Commonwealth v. Wood

102 N.E.3d 1031, 92 Mass. App. Ct. 1127
CourtMassachusetts Appeals Court
DecidedFebruary 15, 2018
Docket16–P–1197
StatusPublished

This text of 102 N.E.3d 1031 (Commonwealth v. Wood) is published on Counsel Stack Legal Research, covering Massachusetts Appeals Court primary law. Counsel Stack provides free access to over 12 million legal documents including statutes, case law, regulations, and constitutions.

Bluebook
Commonwealth v. Wood, 102 N.E.3d 1031, 92 Mass. App. Ct. 1127 (Mass. Ct. App. 2018).

Opinion

The defendant, Alan B. Wood, appeals from the judgment after his conviction of operating a motor vehicle while under the influence of alcohol, third offense, G. L. c. 90, § 24(1)(a )(1), raising numerous arguments, none of which is meritorious. We affirm.

Background. The jury could have found the following facts. On the night of June 21-22, 2014, Massachusetts State troopers conducted a "sobriety checkpoint" on Beach Road in the town of Salisbury. At approximately 1:00 A.M., Trooper Barry Nangle stopped and approached a motor vehicle operated by the defendant. Nangle noticed that the defendant's eyes were "bloodshot and glassy," and Nangle could "smell the odor of an alcoholic beverage coming from [the defendant's] person." When asked if he had been drinking alcohol, the defendant admitted that he had had "several beers" at a barbeque. Nangle then directed the defendant to turn into the "pit" for further assessment. There two other troopers detected a "pretty strong" odor of alcohol from the defendant, his "red," "glassy," and bloodshot eyes, and his slurred speech. The defendant, again admitting that he had been drinking, stated that he had three "Bud Light drafts" in "about five hours." Based on their observations, including the defendant's unsatisfactory performance on a number of field sobriety tests, the troopers formed the opinion that the defendant was intoxicated and placed him under arrest.
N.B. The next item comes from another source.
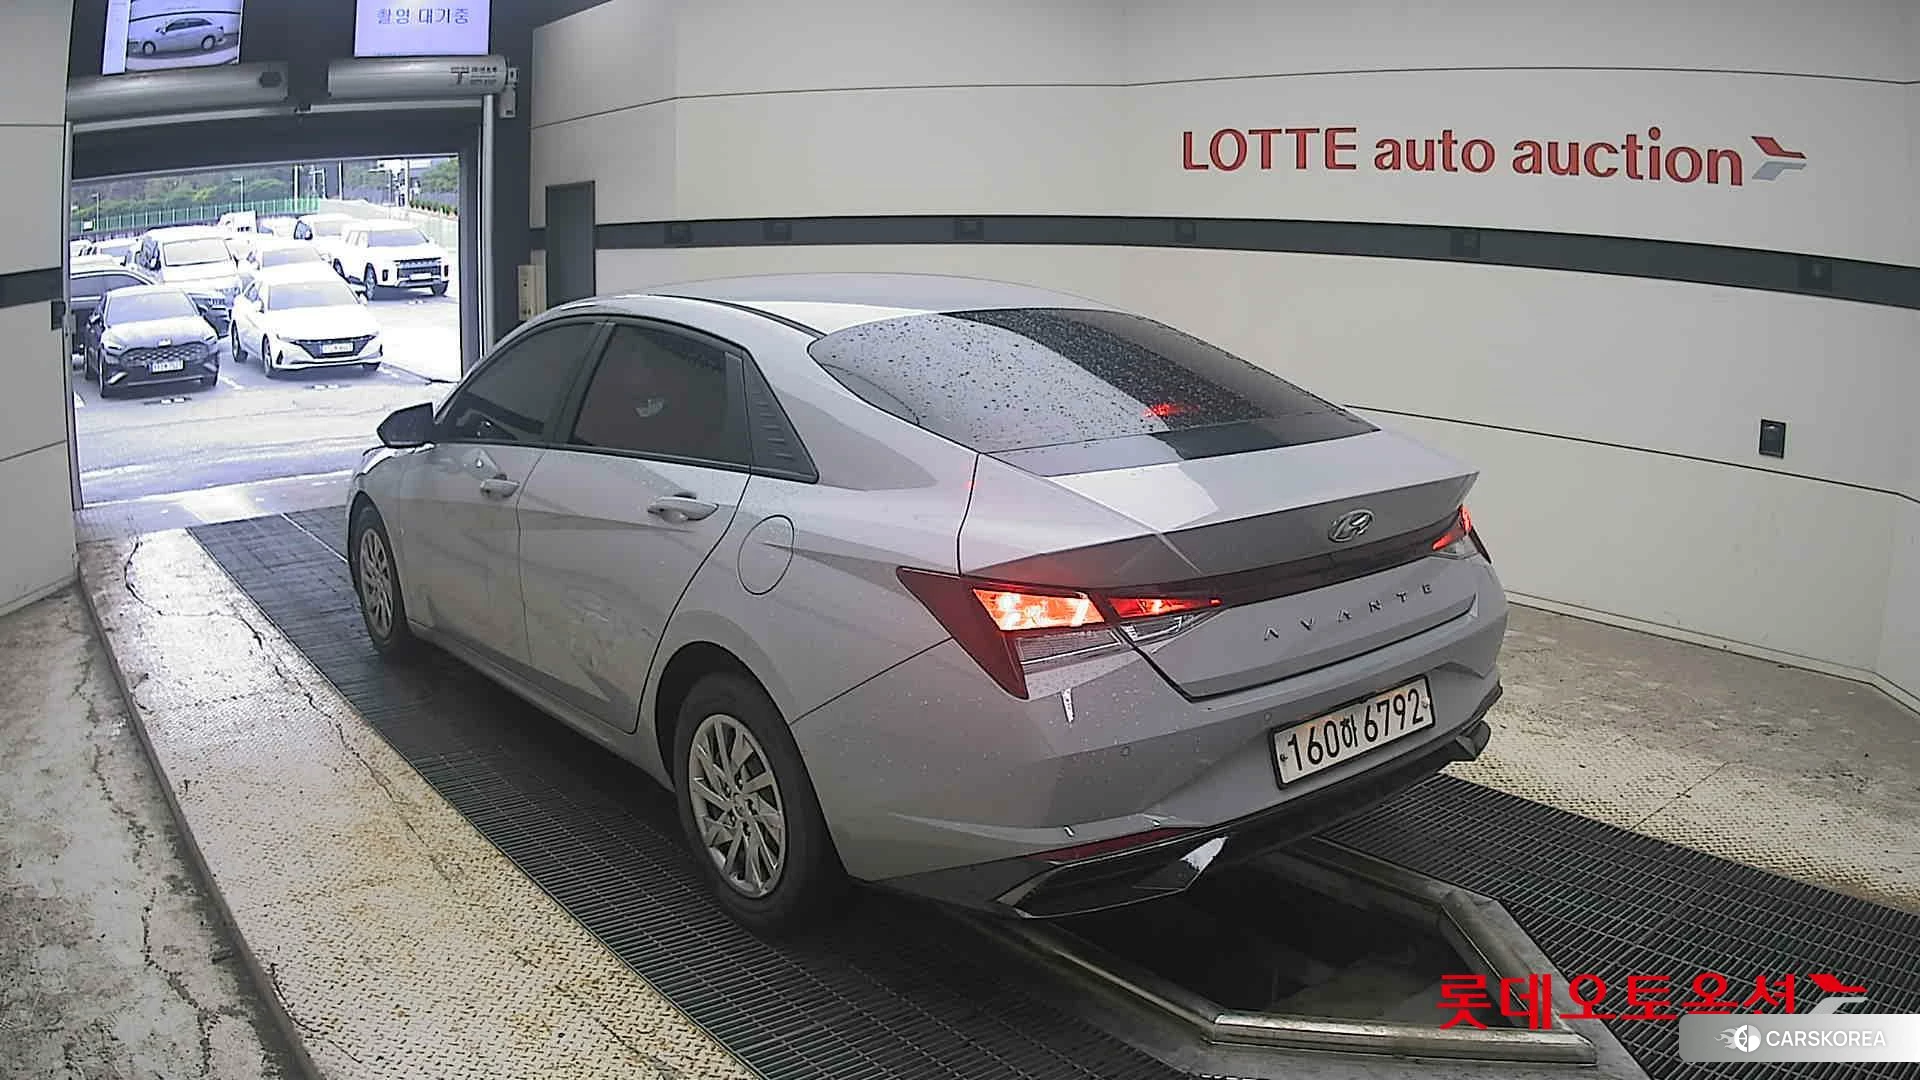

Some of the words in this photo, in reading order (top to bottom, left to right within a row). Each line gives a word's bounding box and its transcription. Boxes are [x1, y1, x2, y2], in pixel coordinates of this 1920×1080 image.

Discussion. 1. Motion to suppress. For the first time on appeal, the defendant challenges the constitutionality of the police's sobriety checkpoint on the basis that the troopers conducted it in a parking lot owned by a church. The defendant claims the location violated the church's private property interests because the Commonwealth offered no proof that it had authority to use the property for this purpose. As the defendant did not raise or argue the issue in his motion to suppress below, we review only to determine whether an error causing a substantial risk of a miscarriage of justice occurred. See Commonwealth v. Scala, 380 Mass. 500, 510-511 (1980). It did not.
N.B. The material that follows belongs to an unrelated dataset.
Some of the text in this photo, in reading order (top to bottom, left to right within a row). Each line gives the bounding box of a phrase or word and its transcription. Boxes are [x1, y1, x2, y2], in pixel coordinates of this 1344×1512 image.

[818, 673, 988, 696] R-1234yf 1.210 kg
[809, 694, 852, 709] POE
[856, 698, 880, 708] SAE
There was no error in the denial of the defendant's motion to suppress. The defendant is without standing to challenge the use of property in which he has no ownership interest. See Cornell-Andrews Smelting Co. v. Boston & Providence R.R. Corp., 209 Mass. 298, 305 (1911). He also lacks standing to assert the rights of unspecified "people of other religious faiths and/or atheists" who "may object to the compelled entry upon the religious property of another faith." See Society of Jesus of New England v. Commonwealth, 441 Mass. 662, 669 (2004). As to the other challenges to the checkpoint location, each lacks citation to any meaningful authority, and thus does not rise to the level of acceptable appellate argument. See Mass.R.A.P. 16(a)(4), as amended, 367 Mass. 921 (1975).

2. Sufficiency of the evidence. When reviewing the sufficiency of the evidence, we determine "whether the evidence, considered in the light most favorable to the Commonwealth, was sufficient to satisfy a rational trier of fact of the essential elements of the crime beyond a reasonable doubt." Commonwealth v. Coonan, 428 Mass. 823, 828 (1999). See Commonwealth v. Latimore, 378 Mass. 671, 677 (1979). The Commonwealth was required to prove that the defendant (1) operated a motor vehicle (2) upon a public way (3) while under the influence of alcohol. Luk v. Commonwealth, 421 Mass. 415, 430 (1995). See G. L. c. 90, § 24 (1)(a )(1). To satisfy its burden of proof as to the defendant's intoxication,2 the Commonwealth had to prove that "the defendant's consumption of alcohol diminished [his] ability to operate a motor vehicle safely." Commonwealth v. Connolly, 394 Mass. 169, 173 (1985). In making this determination, several factors are taken into account, such as the odor of alcohol coming from the defendant, his appearance, his performance on field sobriety tests, and the opinion testimony of police officers who observed the defendant. See Commonwealth v. Sudderth, 37 Mass. App. Ct. 317, 321 (1994).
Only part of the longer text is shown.